EFEValencia

"A veces conseguir lo que uno desea puede ser el peor castigo", asegura a EFE el director Paco Plaza, quien en su última película, "Quien a hierro mata", que protagoniza Luis Tosar, muestra que la venganza "es una espiral que no tiene final" y que lo de "ojo por ojo" y "el mundo acabará ciego" es verdad.

Plaza (Valencia, 1973) afirma que en esta película, que se estrenará el 30 de agosto, se ha sentido "más director que nunca", pues el hecho de que por primera vez no haya escrito el guion (es obra de Juan Galiñanes y Jorge Guerricaechevarría) le ha permitido volcar "el cien por cien" de sus "capacidades" en la dirección.

Fue la última página del guion, que le llegó cuando estaba inmerso en su obra anterior, "Verónica", la que le animó a dirigir esta película de suspense en la que hay además un fuerte componente dramático: "Supe que la quería hacer; esa imagen final quería rodarla yo, que no la rodase nadie más".

Una imagen final que es una metáfora de "cómo el alimentarse del rencor no lleva a nada bueno", destaca Plaza, quien explica que una de las "enseñanzas" de la película es que "cuando odias a alguien, en realidad te estás haciendo daño a ti mismo", por lo que recomienda que "hay que perdonar, olvidar y ser feliz".

"Quien a hierro mata" está protagonizada por Mario (Luis Tosar), el enfermero de un geriátrico gallego donde un día ingresa el narcotraficante Antonio Padín (Xan Cejudo) y se establece una "muy compleja" relación entre protagonista y antagonista que en su opinión tiene "un eco shakesperiano, como de Rey Lear".

Admite que dirigir a Tosar "es como entrenar a Messi", ya que es "un artista que mejora cualquier material que le llega, porque es incapaz de fingir" y dota de "humanidad" a todos sus personajes: cuando actúa "no ves los hilos de la marioneta, ves a una persona a la que le están sucediendo cosas".

En esta película, Tosar es un "yonqui del odio" que "hace cosas tremendas y no lo justificas, pero entiendes por qué lo hace. Y conseguir eso es muy difícil", resalta Plaza, quien desvela que algunas escenas del guion fueron escritas cuando ya se sabía que podía hacerlas este actor.

El director defiende que todos los personajes son "muy reales", personas a las que el espectador se puede sentir próximo, como "los hijos que buscan la aprobación del padre, o el padre decepcionado porque sus hijos no han sido lo que esperaba y al final de su vida se refugia en brazos de un tipo que le brinda su amistad".

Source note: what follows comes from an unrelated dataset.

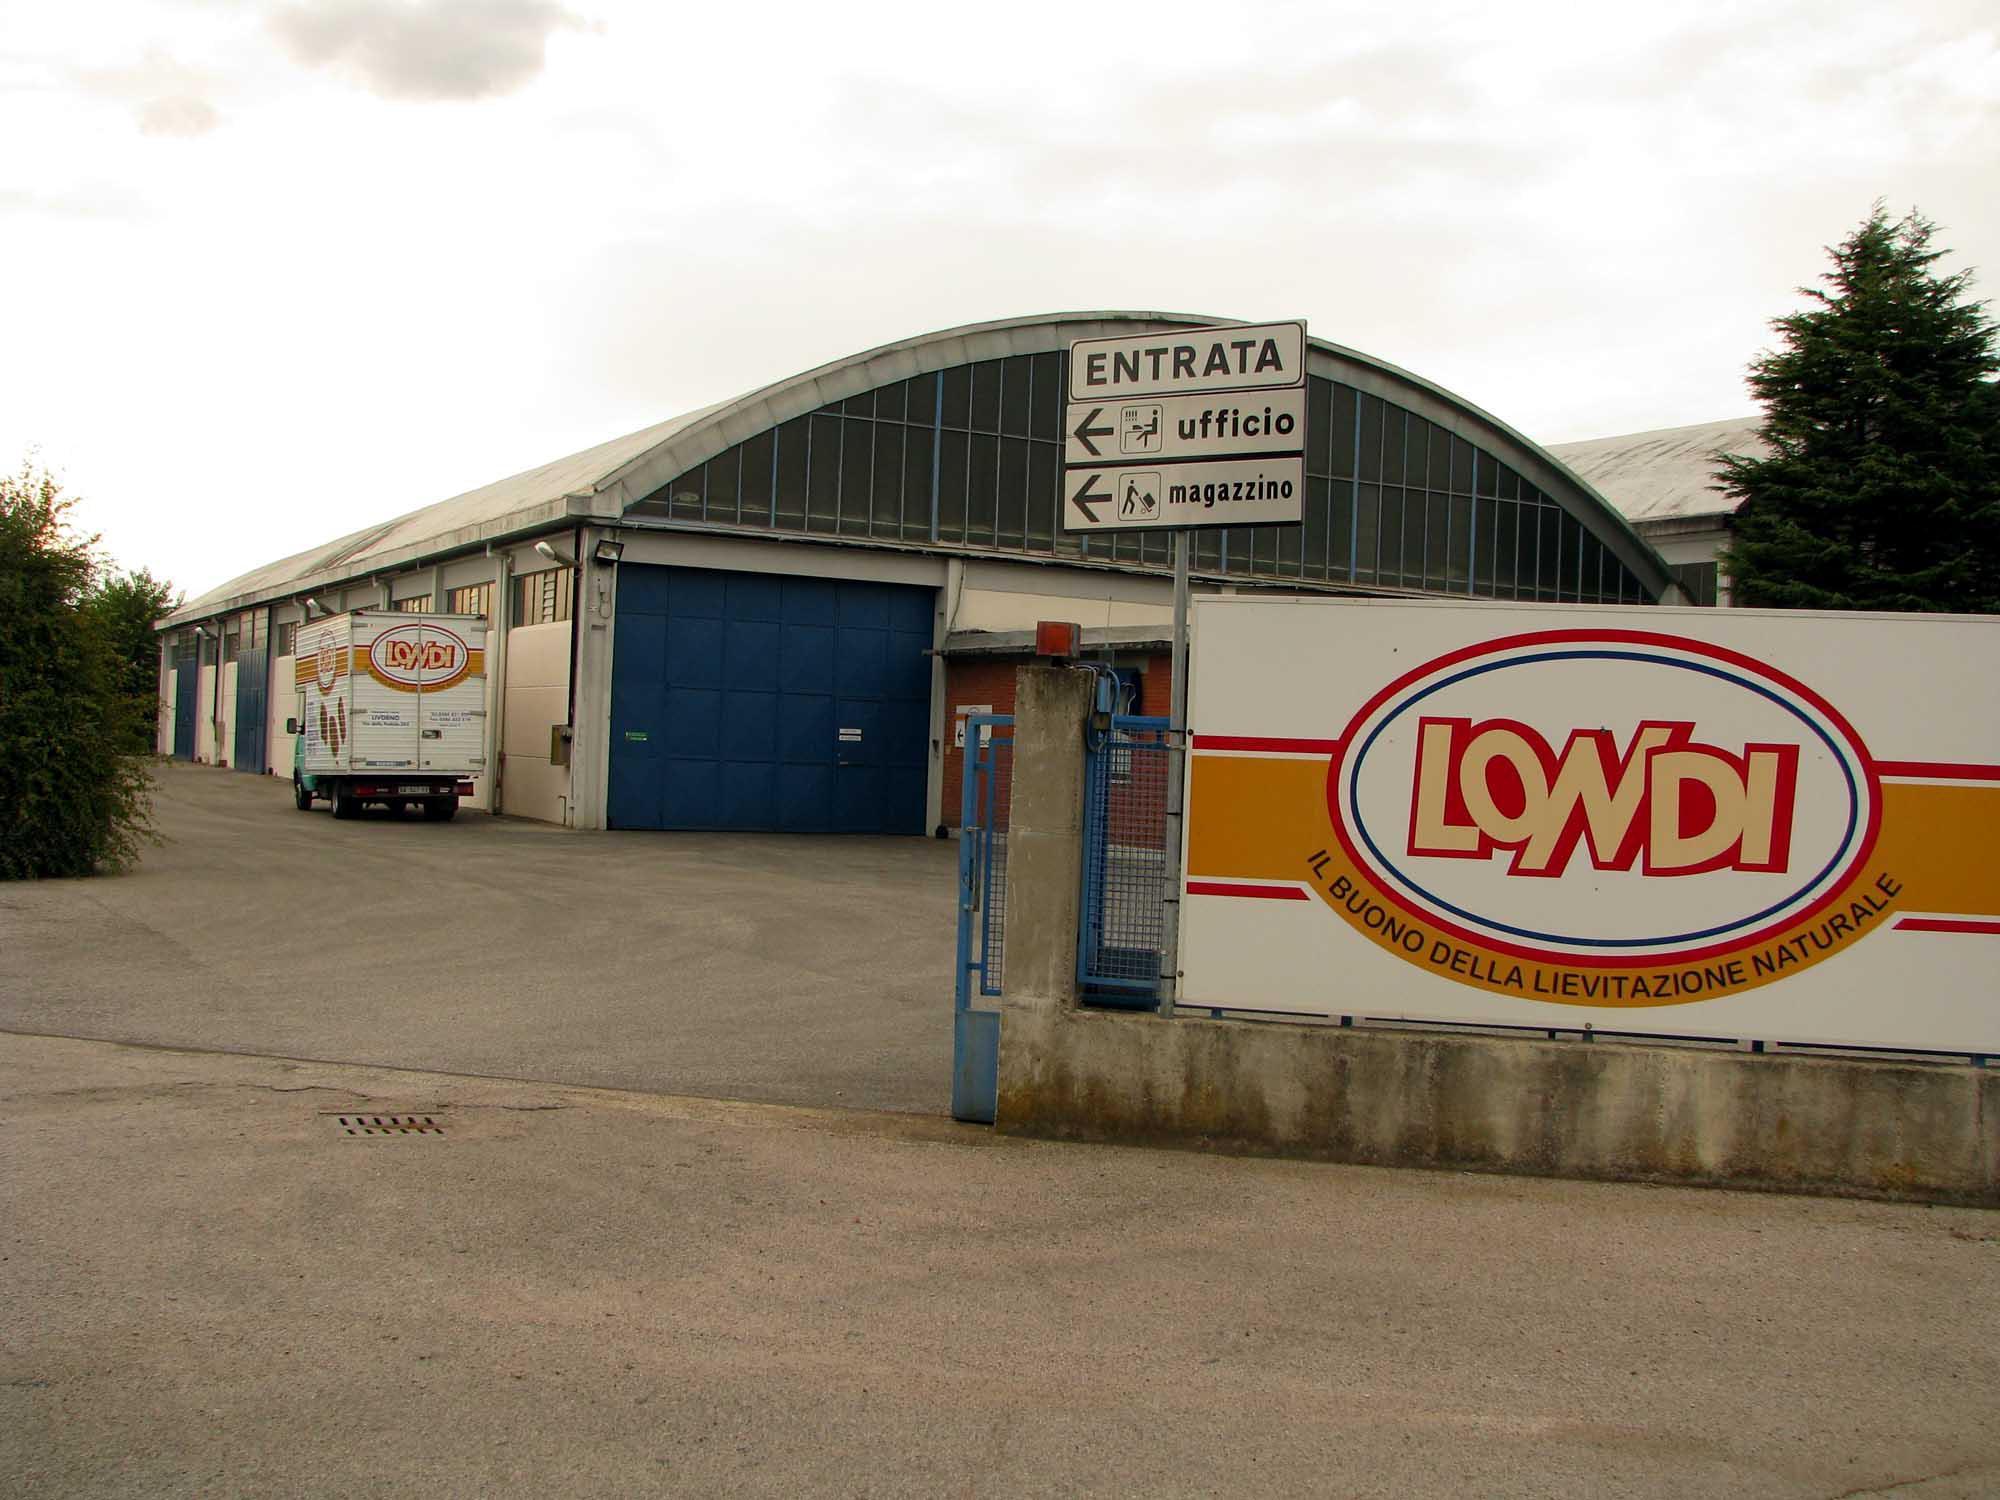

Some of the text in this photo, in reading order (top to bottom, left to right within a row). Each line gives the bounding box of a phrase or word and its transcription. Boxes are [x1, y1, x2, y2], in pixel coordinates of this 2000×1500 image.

Hace hincapié en que el narcotráfico no es el foco central de la película, "ni mucho menos", sino "simplemente algo que tiene incidencia" en la vida de unos personajes con muchos "recovecos" y que no son "ni blancos ni negros, ni buenos ni malos".

"Todos los buenos tienen una parte oscura y todos los malos tienen un halo luminoso", afirma a Efe para destacar que la fotografía ha sido fundamental para narrar la historia, en la que mientras Tosar "se va metiendo en el mundo ensombrecido de su alma, cada vez su rostro está ocupado por más sombras".

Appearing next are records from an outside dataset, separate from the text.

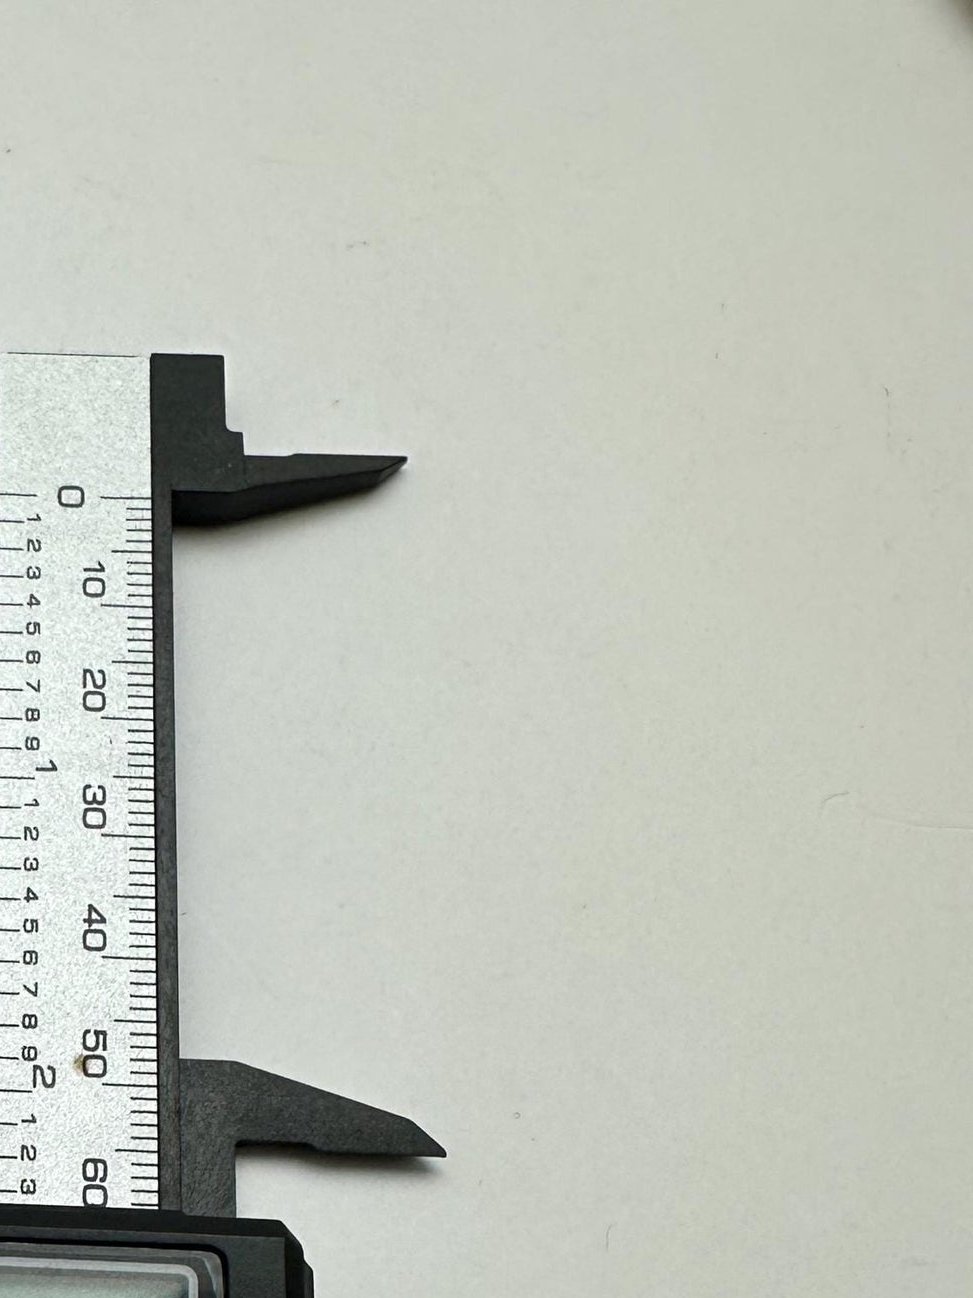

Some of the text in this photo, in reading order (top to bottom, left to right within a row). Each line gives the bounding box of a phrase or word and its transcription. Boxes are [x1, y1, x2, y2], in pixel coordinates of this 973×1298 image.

[57, 485, 85, 508] 0
[27, 539, 41, 552] 2
[26, 566, 41, 579] 3
[82, 561, 106, 598] 10
[27, 594, 40, 608] 4
[26, 622, 40, 635] 5
[26, 650, 41, 664] 6
[26, 680, 40, 692] 7
[83, 669, 106, 712] 20
[25, 708, 40, 722] 8
[25, 736, 40, 751] 9
[35, 760, 58, 772] 1
[24, 799, 39, 807] 1
[82, 784, 106, 829] 30
[24, 826, 39, 841] 2
[23, 857, 39, 872] 3
[24, 887, 38, 903] 4
[23, 919, 38, 933] 5
[82, 904, 107, 952] 40
[23, 950, 38, 965] 6
[23, 982, 38, 997] 7
[22, 1014, 38, 1029] 8
[22, 1046, 38, 1061] 9
[81, 1029, 108, 1078] 50
[33, 1065, 56, 1088] 2
[21, 1114, 37, 1123] 1
[21, 1145, 36, 1161] 2
[20, 1179, 36, 1195] 3
[82, 1158, 108, 1208] 60
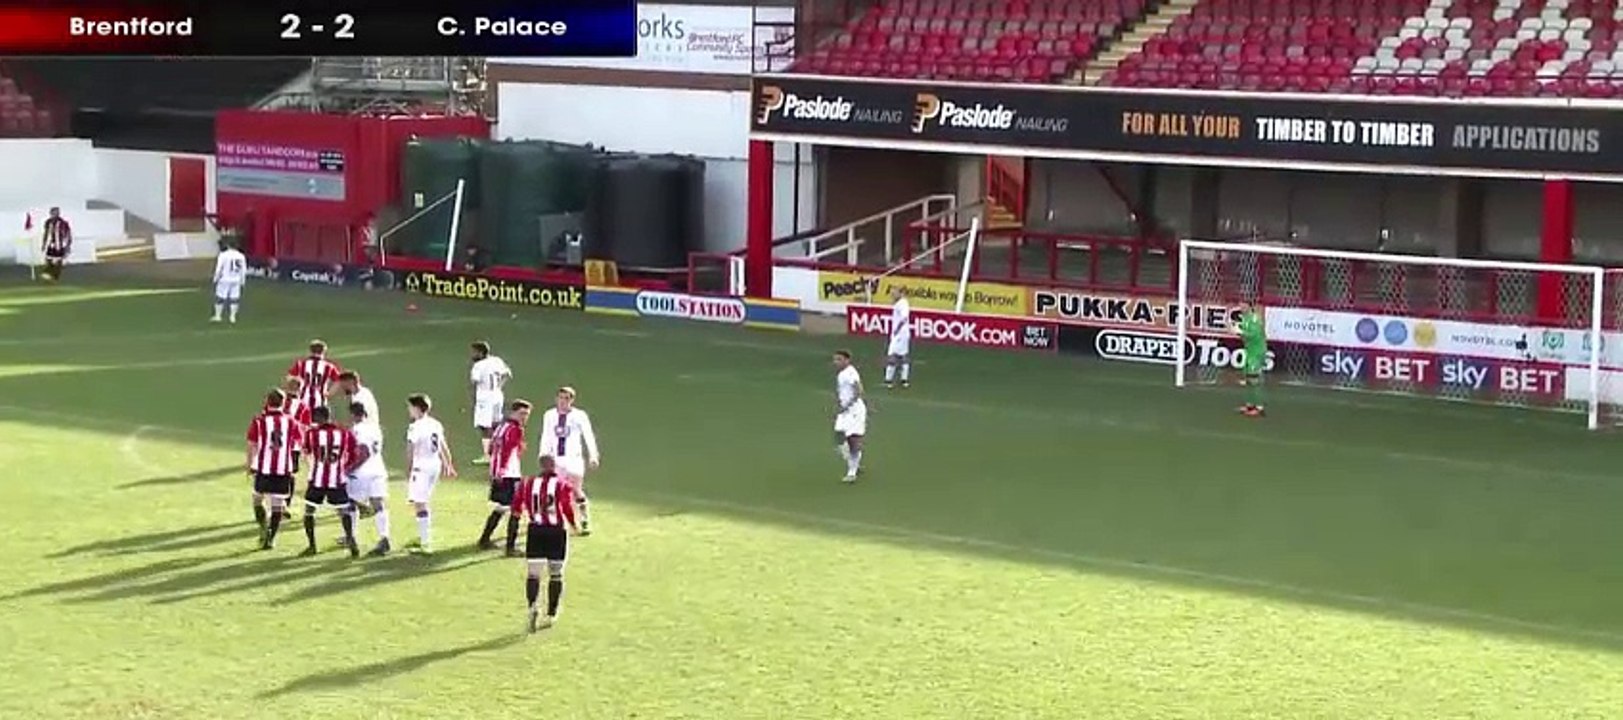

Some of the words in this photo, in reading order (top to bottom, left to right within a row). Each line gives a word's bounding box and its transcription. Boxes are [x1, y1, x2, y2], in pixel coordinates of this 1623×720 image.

[784, 94, 851, 121] Paslode
[939, 101, 1013, 129] Paslode
[1122, 112, 1155, 134] FOR
[1158, 113, 1188, 136] ALL
[1193, 114, 1241, 138] YOUR
[1255, 117, 1326, 142] TIMBER
[1331, 120, 1355, 143] TO
[1360, 122, 1434, 147] TIMBER
[1452, 124, 1600, 153] APPLICATIONS
[422, 272, 582, 308] TradePoint.co.uk
[640, 295, 742, 319] TOOLSTATION
[850, 311, 1016, 345] MATHBOOK.COM
[1283, 319, 1336, 333] NOVOTEL
[1105, 336, 1179, 359] DRAPE
[1196, 339, 1275, 370] Toos
[1321, 350, 1363, 379] sky
[1375, 357, 1430, 382] BET
[1443, 360, 1487, 389] sky
[1500, 367, 1558, 393] BET

El responsable de la saga "Rec", que con esta película ha aparcado su trayectoria de cine de terror, asegura que lo ha echado "mucho de menos", porque es lo que más le gusta como director y como espectador, y por ello volverá a este género en su próxima obra, "La abuela", que rodará en febrero con guion de Carlos Vermut.

Adelanta que igual ya no escribe más guiones, pues ser director y guionista supone "una especie de Jekyll y Hyde" y hay que estar "constantemente en los dos lados", y agradece el trabajo de Maika Makovski, autora de la banda sonora de esta película, quien nunca había hecho cine y ha creado algo "muy especial".